ご自身で会社を経営する経営者、あるいは個人事業主。企業のなかで新規営業先を求める営業担当者。ご自分の部署や会社に提案できる新展開を模索するビジネスマン/ビジネスウーマン。どのような立場にいても、ビジネスの最前線で生き残りを賭けた熾烈な競争を、日々戦いつづけていることにかわりありません。
誰もが「新しい客先」「まだ同業他社が目をつけていない商売ネタ」「経営の主力となりうる安定したビジネス相手」を開拓しようと必死なのではないでしょうか。しかし、有力な狩り場はほぼすべて、競争相手とのテリトリー争いで埋め尽くされ、開拓できる場所はまず残されていません。
そんな厳しい競争のど真ん中で、ぽっかり口を開けて待っている真空状態の20兆円市場。それが、この連載のテーマ、「入札市場」なのです。
え? 入札?
官公庁や自治体が発注する業者を選ぶ、ときどき談合で捕まるあれ?
多くの人の印象は、その程度で終わっているかもしれません。
この本を書くにあたり、入札がテーマの出版物を調べたところ、公共工事以外の本がほとんどないことに筆者は愕然としました。年間20兆円ものビジネスになっているのに、なぜ、これまで入札に関するビジネス書が書かれなかったのでしょうか?
それは、多くの企業経営者が、「入札は大手企業や建設会社の話、中小企業は関係ない」と諦めていたからだと思います。「どうせ出来レースだろ?」「入札には談合があり、なかなか新参者が落札することはできない」という偏見も、まだまだ拭えません。
このイメージはなかなか根強く、日本人の多くはいまだに「入札」というとダムや公共工事の発注をめぐる談合のニュースを連想するようです。
これではいけないと、私はこの本を書くことを決めました。この連載では、実地経験から知った入札のメリットやデメリットをご紹介していきたいと思っています。
制度改正によって、参入ハードルは大きく下がっている
実際にはたびたびの制度改正とともに透明性は増し、入札は中小企業がより参入しやすいシステムに成熟してきています。この制度改正のなかでも、大きな転換となったポイントは二つあります。
一つは、1998年に全省庁統一資格ができたこと。
今までは、中央官公庁への納入業者になろうとしたら、入札案件を管轄する省庁それぞれに申請をして、資格審査を受けなければなりませんでした。

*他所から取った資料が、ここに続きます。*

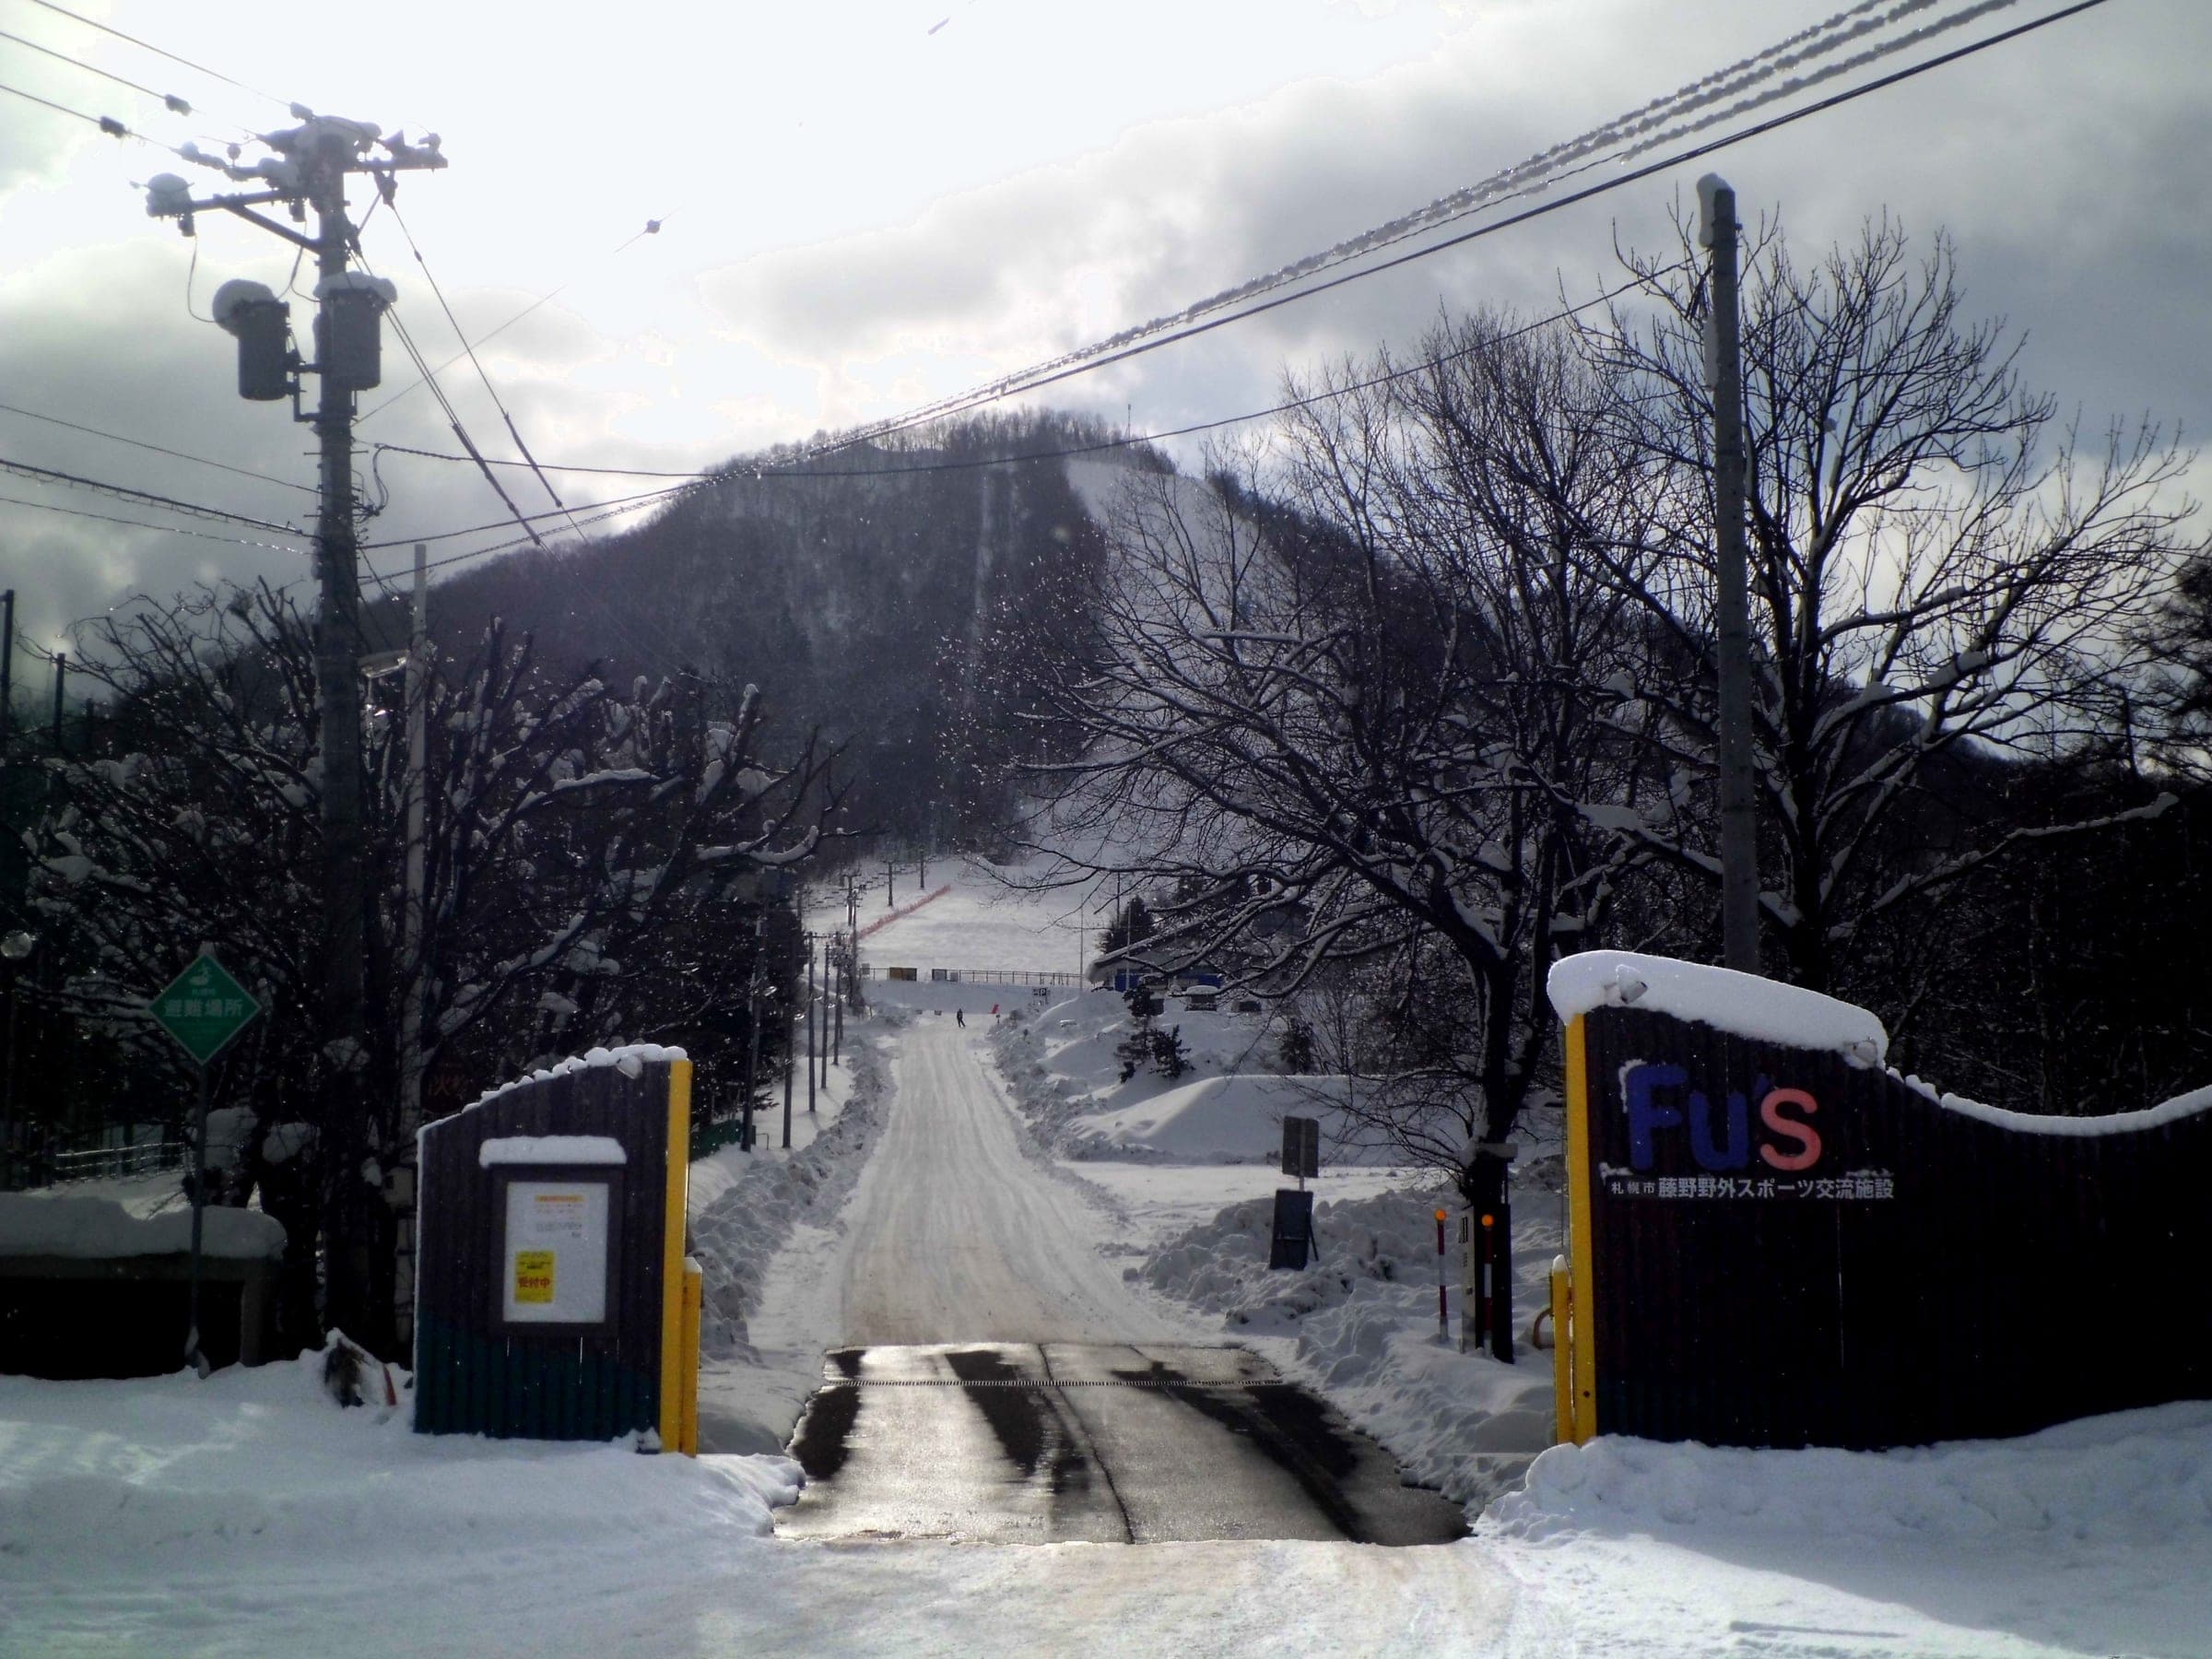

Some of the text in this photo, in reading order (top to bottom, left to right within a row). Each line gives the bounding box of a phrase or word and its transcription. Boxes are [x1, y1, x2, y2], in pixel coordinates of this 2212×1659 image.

しかし、この制度改革により一つの省庁に申請して、「全省庁統一資格」を取得すれば、すべての省庁の入札資格が得られたことになったのです。
もう一つは、2001年に電子入札の制度が始まり、日本のどこにいても、入札ができるようになったこと。これによって、今まで大手会社だけが参加していた入札のハードルが低くなりました。

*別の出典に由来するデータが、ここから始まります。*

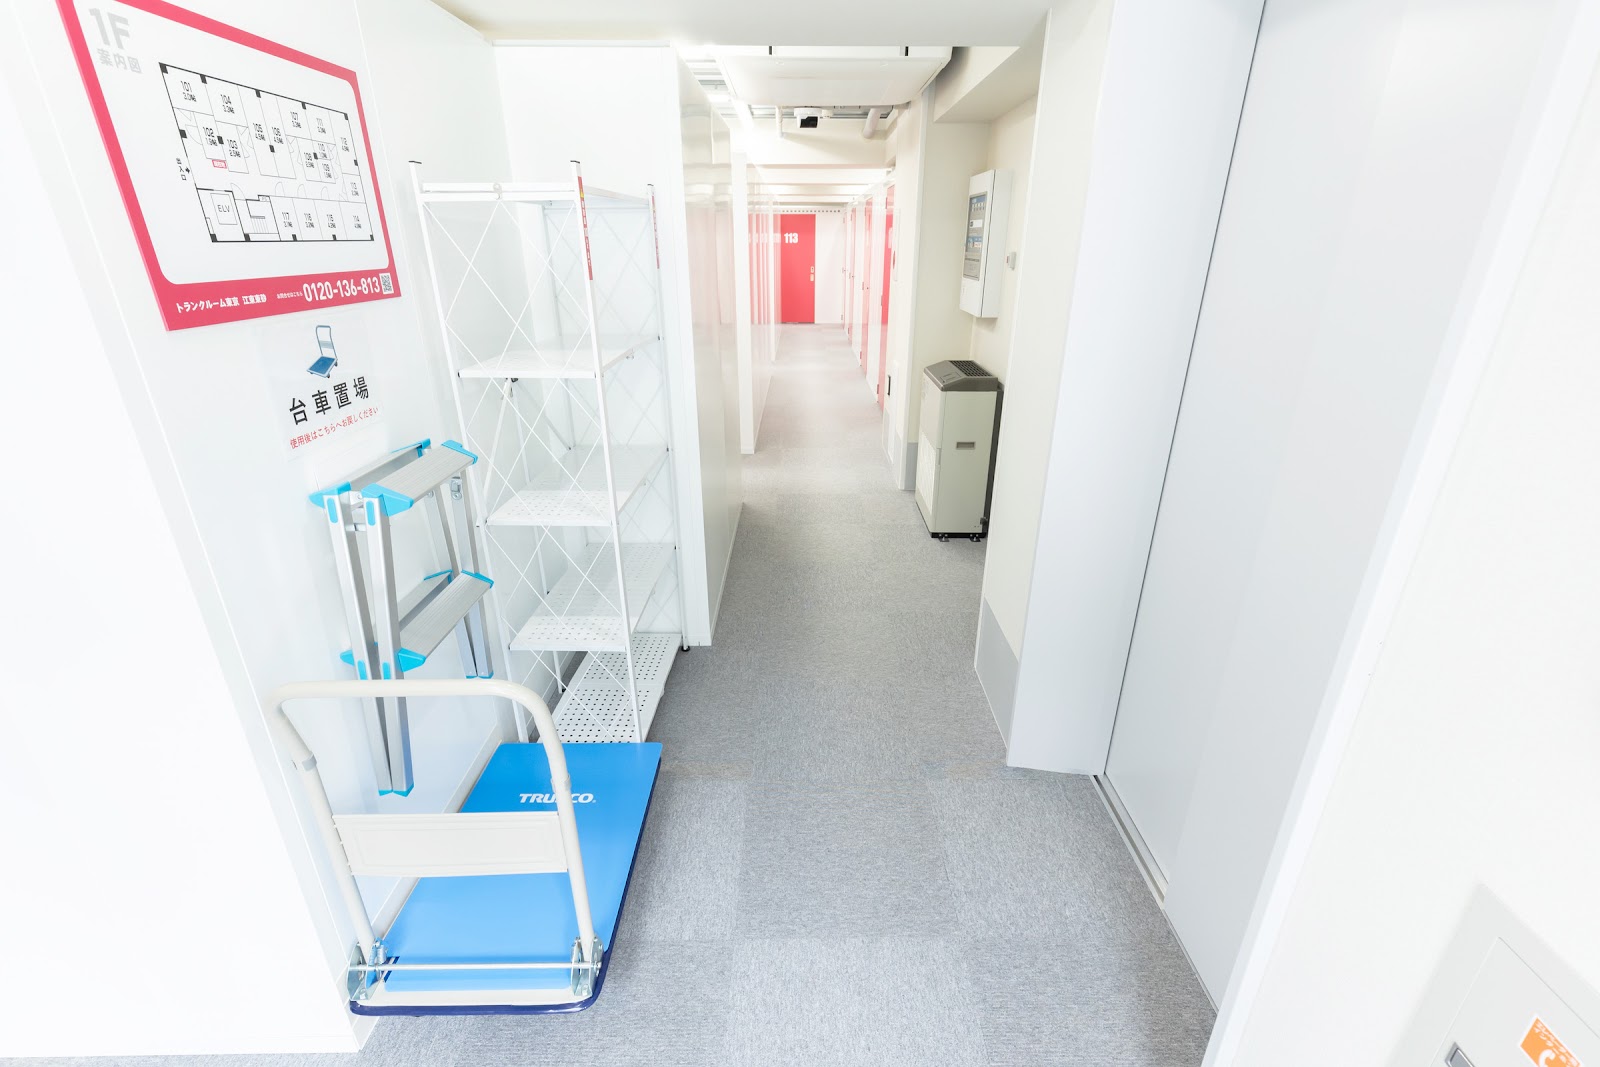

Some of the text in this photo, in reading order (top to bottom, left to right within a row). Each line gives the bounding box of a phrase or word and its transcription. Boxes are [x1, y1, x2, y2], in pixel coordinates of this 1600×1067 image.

それまで官公庁の指定した場所に行かなければ入札できなかったのですが、この制度ができてから入札業者は、まるでヤフオクのように、どこからでも気軽に入札できるようになったのです。
この二つの新しい制度が浸透することによって、今後、日本の中小企業において、入札は大きな脚光を浴びると確信しています。
入札によって中小企業は根底から変わっていきます。落札した仕事は官公庁の依頼なので、不払いや支払いの遅延の心配がありません。また、やり方しだいでは、毎年安定した売上げにつながる可能性もあります。
さらに、「一般入札」で落札したことで「指名入札」に変わるチャンスがあります。そうすると楽に仕事が回ってくるようになります(これについては、本文中に詳しく解説します)。こんなによいことづくめの入札を、始めない手はありません。
この本は「これから入札を始めたいあなた(御社)」に、「ぜひ、気軽に入札にチャレンジしてください」という私たちからの激励の気持ちをこめて作られました。すでに入札、落札に成功している方や企業は、さらにレベルアップする方法として、参考にしていただけたら幸いです。